DATA SHOWN ::
◆ ◆ ◆ ◆
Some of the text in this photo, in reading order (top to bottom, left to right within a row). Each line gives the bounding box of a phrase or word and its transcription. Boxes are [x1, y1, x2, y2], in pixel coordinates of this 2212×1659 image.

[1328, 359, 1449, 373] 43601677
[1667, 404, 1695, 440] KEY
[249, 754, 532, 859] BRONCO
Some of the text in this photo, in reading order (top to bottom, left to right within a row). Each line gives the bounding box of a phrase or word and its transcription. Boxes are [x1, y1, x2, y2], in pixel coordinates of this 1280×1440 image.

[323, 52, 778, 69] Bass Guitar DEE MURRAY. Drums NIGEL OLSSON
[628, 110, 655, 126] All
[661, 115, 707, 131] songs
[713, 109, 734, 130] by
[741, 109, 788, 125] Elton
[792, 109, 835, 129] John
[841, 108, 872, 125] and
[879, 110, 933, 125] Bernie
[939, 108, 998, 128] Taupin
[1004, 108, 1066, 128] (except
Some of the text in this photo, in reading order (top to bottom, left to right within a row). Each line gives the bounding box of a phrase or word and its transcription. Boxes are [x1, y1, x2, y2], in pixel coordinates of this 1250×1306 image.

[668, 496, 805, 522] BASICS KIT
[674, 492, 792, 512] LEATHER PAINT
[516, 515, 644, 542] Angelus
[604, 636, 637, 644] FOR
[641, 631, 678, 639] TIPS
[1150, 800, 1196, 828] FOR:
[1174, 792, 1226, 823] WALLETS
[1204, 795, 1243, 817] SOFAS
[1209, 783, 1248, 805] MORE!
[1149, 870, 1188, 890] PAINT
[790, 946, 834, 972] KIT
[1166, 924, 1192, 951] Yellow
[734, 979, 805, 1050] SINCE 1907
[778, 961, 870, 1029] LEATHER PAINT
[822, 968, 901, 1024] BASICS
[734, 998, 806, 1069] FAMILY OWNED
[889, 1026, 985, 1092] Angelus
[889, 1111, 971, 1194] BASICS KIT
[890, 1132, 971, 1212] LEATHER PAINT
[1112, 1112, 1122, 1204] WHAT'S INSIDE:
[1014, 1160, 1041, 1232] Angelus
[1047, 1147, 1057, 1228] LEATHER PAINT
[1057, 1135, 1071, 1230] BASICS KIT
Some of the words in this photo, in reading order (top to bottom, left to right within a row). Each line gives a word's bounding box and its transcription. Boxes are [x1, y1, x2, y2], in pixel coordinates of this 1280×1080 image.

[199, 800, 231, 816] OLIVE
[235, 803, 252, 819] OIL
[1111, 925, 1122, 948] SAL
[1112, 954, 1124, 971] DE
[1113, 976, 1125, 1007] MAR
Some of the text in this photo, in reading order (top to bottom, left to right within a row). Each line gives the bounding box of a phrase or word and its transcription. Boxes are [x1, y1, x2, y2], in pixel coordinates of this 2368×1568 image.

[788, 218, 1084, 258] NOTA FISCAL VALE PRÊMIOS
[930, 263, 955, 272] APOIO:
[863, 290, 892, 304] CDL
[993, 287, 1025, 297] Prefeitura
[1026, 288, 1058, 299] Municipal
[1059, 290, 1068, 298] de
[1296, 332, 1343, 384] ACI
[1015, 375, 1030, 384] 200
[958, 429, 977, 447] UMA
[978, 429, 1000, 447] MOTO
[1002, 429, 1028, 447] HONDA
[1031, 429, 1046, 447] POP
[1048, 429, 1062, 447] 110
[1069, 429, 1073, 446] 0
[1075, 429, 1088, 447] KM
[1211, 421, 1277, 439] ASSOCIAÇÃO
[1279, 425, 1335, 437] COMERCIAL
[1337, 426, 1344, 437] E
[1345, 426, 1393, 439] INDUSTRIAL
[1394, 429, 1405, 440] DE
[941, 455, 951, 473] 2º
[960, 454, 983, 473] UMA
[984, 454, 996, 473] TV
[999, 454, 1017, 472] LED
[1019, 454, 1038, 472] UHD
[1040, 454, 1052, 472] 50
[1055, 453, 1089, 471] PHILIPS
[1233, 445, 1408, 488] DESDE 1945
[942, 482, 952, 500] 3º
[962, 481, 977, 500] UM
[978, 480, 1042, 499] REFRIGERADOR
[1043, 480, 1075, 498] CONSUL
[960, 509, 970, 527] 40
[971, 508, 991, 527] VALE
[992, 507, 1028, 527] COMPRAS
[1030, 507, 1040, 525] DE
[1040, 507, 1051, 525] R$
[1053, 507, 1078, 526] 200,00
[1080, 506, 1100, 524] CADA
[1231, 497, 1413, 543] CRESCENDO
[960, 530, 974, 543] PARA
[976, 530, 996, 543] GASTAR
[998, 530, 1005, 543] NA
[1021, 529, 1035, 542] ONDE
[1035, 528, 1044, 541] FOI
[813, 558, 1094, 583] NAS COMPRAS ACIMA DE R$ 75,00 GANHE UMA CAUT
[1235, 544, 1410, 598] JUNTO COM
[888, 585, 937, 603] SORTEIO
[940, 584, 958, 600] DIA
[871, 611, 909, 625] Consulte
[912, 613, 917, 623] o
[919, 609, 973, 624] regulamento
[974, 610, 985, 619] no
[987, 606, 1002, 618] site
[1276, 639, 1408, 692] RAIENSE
◆ ◆ ◆ ◆
WHAT THE EXERCISE ASKS ::
Once you have read the records above, write them out again exactly.

RESPONSE FOR THIS EXERCISE ::
Some of the text in this photo, in reading order (top to bottom, left to right within a row). Each line gives the bounding box of a phrase or word and its transcription. Boxes are [x1, y1, x2, y2], in pixel coordinates of this 2212×1659 image.

[1328, 359, 1449, 373] 43601677
[1667, 404, 1695, 440] KEY
[249, 754, 532, 859] BRONCO
Some of the text in this photo, in reading order (top to bottom, left to right within a row). Each line gives the bounding box of a phrase or word and its transcription. Boxes are [x1, y1, x2, y2], in pixel coordinates of this 1280×1440 image.

[323, 52, 778, 69] Bass Guitar DEE MURRAY. Drums NIGEL OLSSON
[628, 110, 655, 126] All
[661, 115, 707, 131] songs
[713, 109, 734, 130] by
[741, 109, 788, 125] Elton
[792, 109, 835, 129] John
[841, 108, 872, 125] and
[879, 110, 933, 125] Bernie
[939, 108, 998, 128] Taupin
[1004, 108, 1066, 128] (except
Some of the text in this photo, in reading order (top to bottom, left to right within a row). Each line gives the bounding box of a phrase or word and its transcription. Boxes are [x1, y1, x2, y2], in pixel coordinates of this 1250×1306 image.

[668, 496, 805, 522] BASICS KIT
[674, 492, 792, 512] LEATHER PAINT
[516, 515, 644, 542] Angelus
[604, 636, 637, 644] FOR
[641, 631, 678, 639] TIPS
[1150, 800, 1196, 828] FOR:
[1174, 792, 1226, 823] WALLETS
[1204, 795, 1243, 817] SOFAS
[1209, 783, 1248, 805] MORE!
[1149, 870, 1188, 890] PAINT
[790, 946, 834, 972] KIT
[1166, 924, 1192, 951] Yellow
[734, 979, 805, 1050] SINCE 1907
[778, 961, 870, 1029] LEATHER PAINT
[822, 968, 901, 1024] BASICS
[734, 998, 806, 1069] FAMILY OWNED
[889, 1026, 985, 1092] Angelus
[889, 1111, 971, 1194] BASICS KIT
[890, 1132, 971, 1212] LEATHER PAINT
[1112, 1112, 1122, 1204] WHAT'S INSIDE:
[1014, 1160, 1041, 1232] Angelus
[1047, 1147, 1057, 1228] LEATHER PAINT
[1057, 1135, 1071, 1230] BASICS KIT
Some of the words in this photo, in reading order (top to bottom, left to right within a row). Each line gives a word's bounding box and its transcription. Boxes are [x1, y1, x2, y2], in pixel coordinates of this 1280×1080 image.

[199, 800, 231, 816] OLIVE
[235, 803, 252, 819] OIL
[1111, 925, 1122, 948] SAL
[1112, 954, 1124, 971] DE
[1113, 976, 1125, 1007] MAR
Some of the text in this photo, in reading order (top to bottom, left to right within a row). Each line gives the bounding box of a phrase or word and its transcription. Boxes are [x1, y1, x2, y2], in pixel coordinates of this 2368×1568 image.

[788, 218, 1084, 258] NOTA FISCAL VALE PRÊMIOS
[930, 263, 955, 272] APOIO:
[863, 290, 892, 304] CDL
[993, 287, 1025, 297] Prefeitura
[1026, 288, 1058, 299] Municipal
[1059, 290, 1068, 298] de
[1296, 332, 1343, 384] ACI
[1015, 375, 1030, 384] 200
[958, 429, 977, 447] UMA
[978, 429, 1000, 447] MOTO
[1002, 429, 1028, 447] HONDA
[1031, 429, 1046, 447] POP
[1048, 429, 1062, 447] 110
[1069, 429, 1073, 446] 0
[1075, 429, 1088, 447] KM
[1211, 421, 1277, 439] ASSOCIAÇÃO
[1279, 425, 1335, 437] COMERCIAL
[1337, 426, 1344, 437] E
[1345, 426, 1393, 439] INDUSTRIAL
[1394, 429, 1405, 440] DE
[941, 455, 951, 473] 2º
[960, 454, 983, 473] UMA
[984, 454, 996, 473] TV
[999, 454, 1017, 472] LED
[1019, 454, 1038, 472] UHD
[1040, 454, 1052, 472] 50
[1055, 453, 1089, 471] PHILIPS
[1233, 445, 1408, 488] DESDE 1945
[942, 482, 952, 500] 3º
[962, 481, 977, 500] UM
[978, 480, 1042, 499] REFRIGERADOR
[1043, 480, 1075, 498] CONSUL
[960, 509, 970, 527] 40
[971, 508, 991, 527] VALE
[992, 507, 1028, 527] COMPRAS
[1030, 507, 1040, 525] DE
[1040, 507, 1051, 525] R$
[1053, 507, 1078, 526] 200,00
[1080, 506, 1100, 524] CADA
[1231, 497, 1413, 543] CRESCENDO
[960, 530, 974, 543] PARA
[976, 530, 996, 543] GASTAR
[998, 530, 1005, 543] NA
[1021, 529, 1035, 542] ONDE
[1035, 528, 1044, 541] FOI
[813, 558, 1094, 583] NAS COMPRAS ACIMA DE R$ 75,00 GANHE UMA CAUT
[1235, 544, 1410, 598] JUNTO COM
[888, 585, 937, 603] SORTEIO
[940, 584, 958, 600] DIA
[871, 611, 909, 625] Consulte
[912, 613, 917, 623] o
[919, 609, 973, 624] regulamento
[974, 610, 985, 619] no
[987, 606, 1002, 618] site
[1276, 639, 1408, 692] RAIENSE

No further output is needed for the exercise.